#### ASSIGNMENT:
Every line below must be reproduced exactly; no pictures are to be included.
═════ STUDY MATERIAL ═════
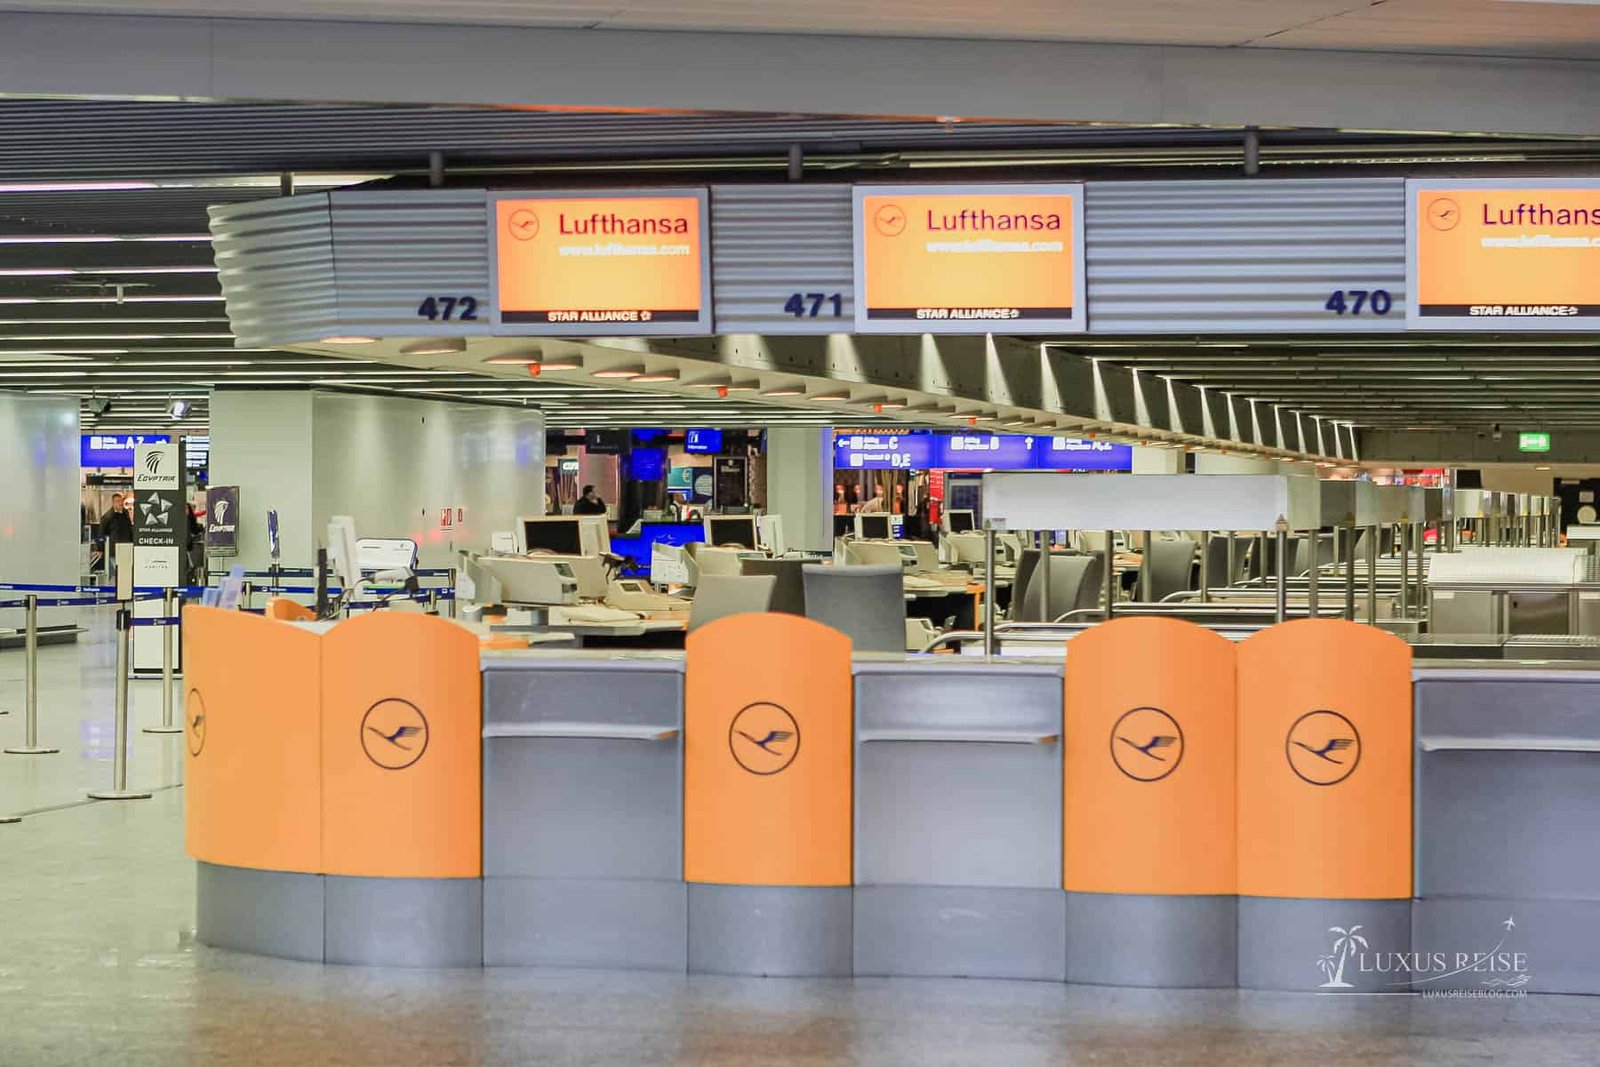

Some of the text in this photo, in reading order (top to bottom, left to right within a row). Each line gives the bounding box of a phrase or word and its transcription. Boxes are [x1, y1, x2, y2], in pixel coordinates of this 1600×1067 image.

[559, 213, 688, 236] Lufthansa
[927, 209, 1061, 231] Lufthansa
[418, 296, 478, 321] 472
[784, 293, 843, 318] 471
[1325, 289, 1392, 315] 470
[1469, 305, 1568, 316] STAR ALLIANCE
[547, 311, 638, 321] STAR ALLIANCE
[916, 308, 1011, 319] STAR ALLIANCE
[138, 537, 174, 545] CHECK-IN
═════
#### REPLY TO THE TASK:
Some of the text in this photo, in reading order (top to bottom, left to right within a row). Each line gives the bounding box of a phrase or word and its transcription. Boxes are [x1, y1, x2, y2], in pixel coordinates of this 1600×1067 image.

[559, 213, 688, 236] Lufthansa
[927, 209, 1061, 231] Lufthansa
[418, 296, 478, 321] 472
[784, 293, 843, 318] 471
[1325, 289, 1392, 315] 470
[1469, 305, 1568, 316] STAR ALLIANCE
[547, 311, 638, 321] STAR ALLIANCE
[916, 308, 1011, 319] STAR ALLIANCE
[138, 537, 174, 545] CHECK-IN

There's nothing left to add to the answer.